The worry is that flexible state aid rules primarily benefit the largest EU member states with substantial fiscal firepower – think France and Germany – at the expense of smaller countries, thereby distorting trade and competition within the Single Market.

A recent and oft-cited statistic showed that the Franco-German duo monopolised almost 80% of the €672 billion in state aid granted since March 2022.

These fears are undoubtedly valid and need to be handled carefully by the Commission. But there is a related and potentially greater threat to the Single Market posed by the loosening of the subsidy floodgates.

This is the risk that increased state aid is captured by a narrow subset of dominant firms, leading to weaker competition and increased market concentration within and across member states.
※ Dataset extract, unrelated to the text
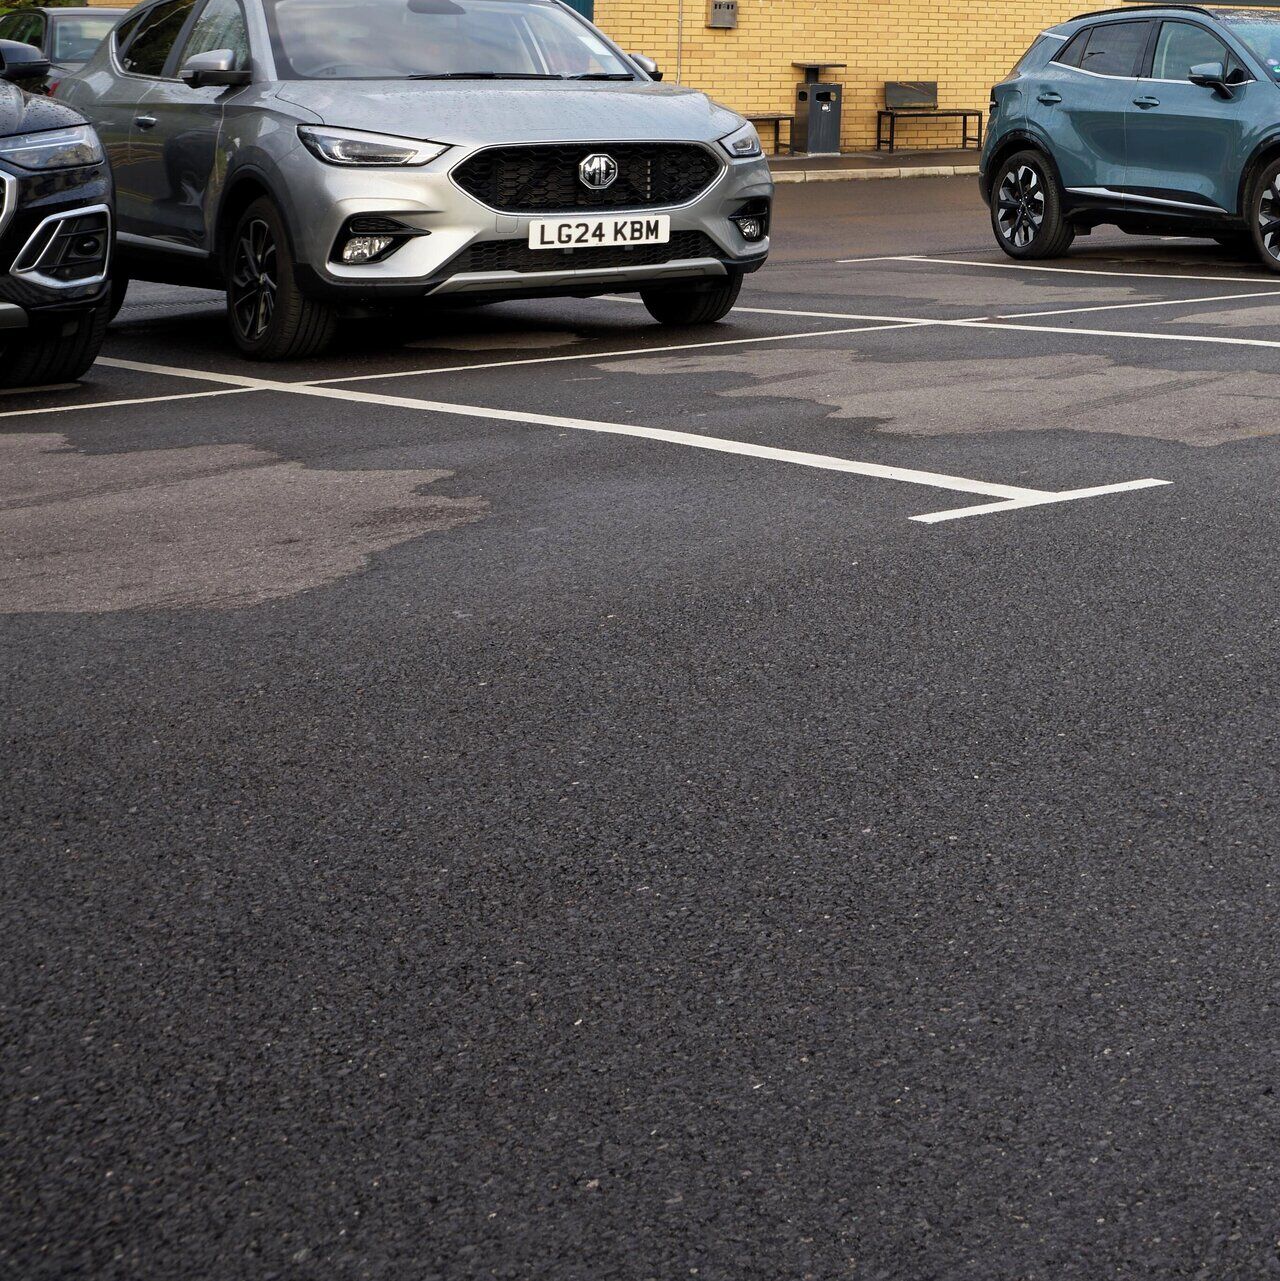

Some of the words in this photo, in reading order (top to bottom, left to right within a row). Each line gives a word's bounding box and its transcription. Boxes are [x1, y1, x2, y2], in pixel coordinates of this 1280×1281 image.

[585, 157, 615, 185] MG
[540, 222, 605, 246] LG24
[613, 219, 659, 242] KBM
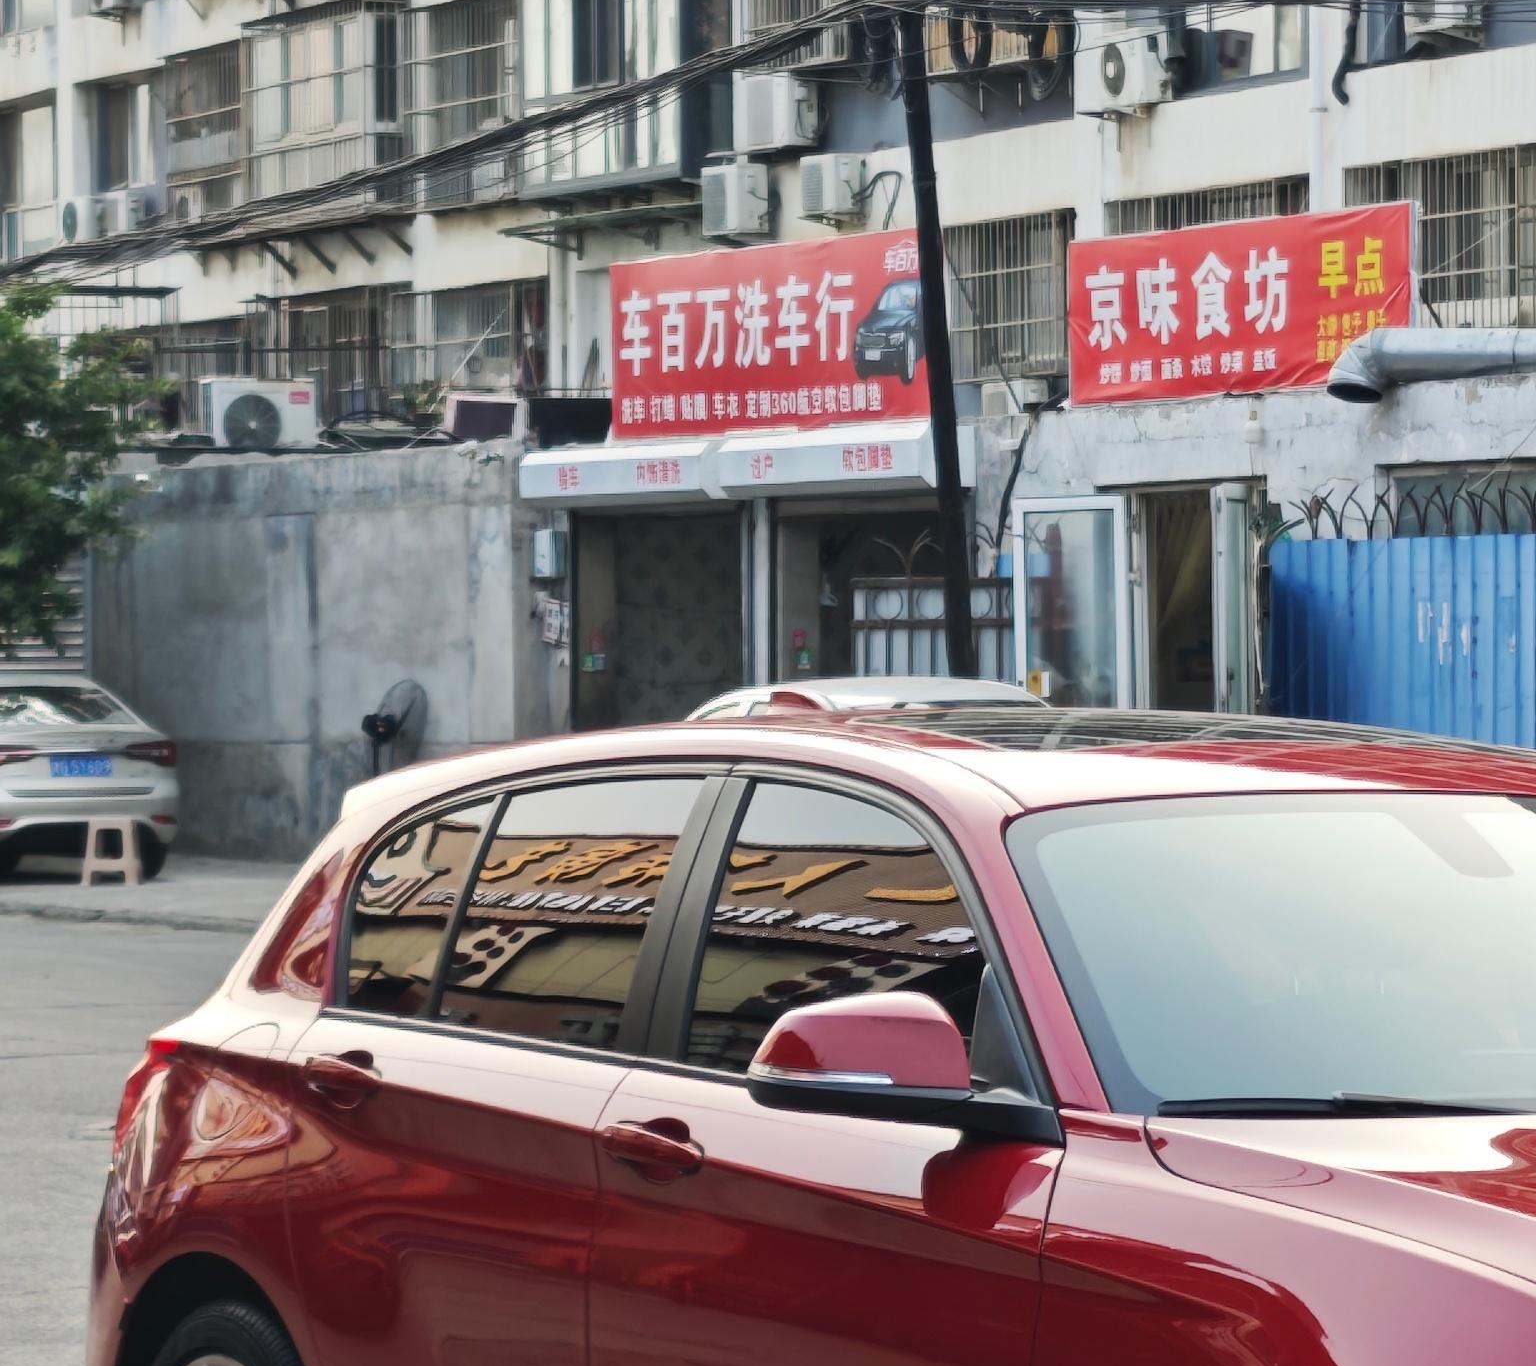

This problem is closely linked with that of the level playing field between member states, as Europe’s biggest companies typically come from its largest countries.

The political nature of subsidies means they are often disproportionately allocated to the very largest firms, who have the resources, administrative know-how and lobbying clout to secure funding, even when there are more deserving recipients elsewhere.

While it is true that investment in the green transition often requires a certain degree of scale, many emerging (as opposed to mature) technologies – from carbon capture to hydrogen – are being driven by startups and SMEs, not incumbents.

A green subsidy splurge that overwhelmingly favours large firms would likely lead to higher costs, less choice and less innovation, and leave us with less competition in the industries of the future. As a recent Commission study put it: “state aid to SMEs is less likely to distort competition and affect trade between Member States”.

Large, profitable multinationals are also much better-placed than smaller players to make major investments without public support, which means subsidies risk replacing rather than adding to total investment. Such firms typically demand greater quantities of funding, limiting the pool of public capital available for SMEs.

And they have the clout needed to play governments off against each other in ‘subsidy races’ that benefit them at the expense of taxpayers. Intel’s planned semiconductor plant in Germany, for which it is requesting almost €10 billion (up from €6.8 billion originally) in state aid, is a good illustration of all these downsides.

Instead of letting the biggest firms get bigger and allowing the monopolisation of the green industries of the future, the EU’s state aid framework should instead support a diversity of small, medium and large-sized companies.

In areas where a certain degree of scale is necessary, such as the installation of renewable energy infrastructure or the laying of EV charging infrastructure, subsidising large companies may make sense.

But the focus of public funding should be in basic research and piloting of early-stage technologies, where much of the activity is led by innovative startups and SMEs with limited resources to bring products to market at scale.

There are a number of practical ways this could be done.

The Commission could give governments a duty to ensure subsidies do not promote market concentration, for example by limiting the share of public funding that can be allocated to large companies. Its little-known, user-unfriendly state aid public database should be revamped to make it easier for civil society to scrutinise how public funds are being spent.

And the EU should encourage member states to invest directly through channels that benefit a wider set of players, such as tax incentives and public support for early-stage R&D, and to target sectors or technologies rather than subsidising individual firms.

The Commission can hopefully count on political backing from national governments themselves, with the latest European Council conclusions stating that when it comes to state aid, a “strong focus should also be placed on preserving the competitiveness of SMEs”.

The result of these efforts will be a diverse and competitive green supply chain that strengthens Europe’s resilience to external shocks, while ensuring the benefits of the green revolution are not captured by a narrow few.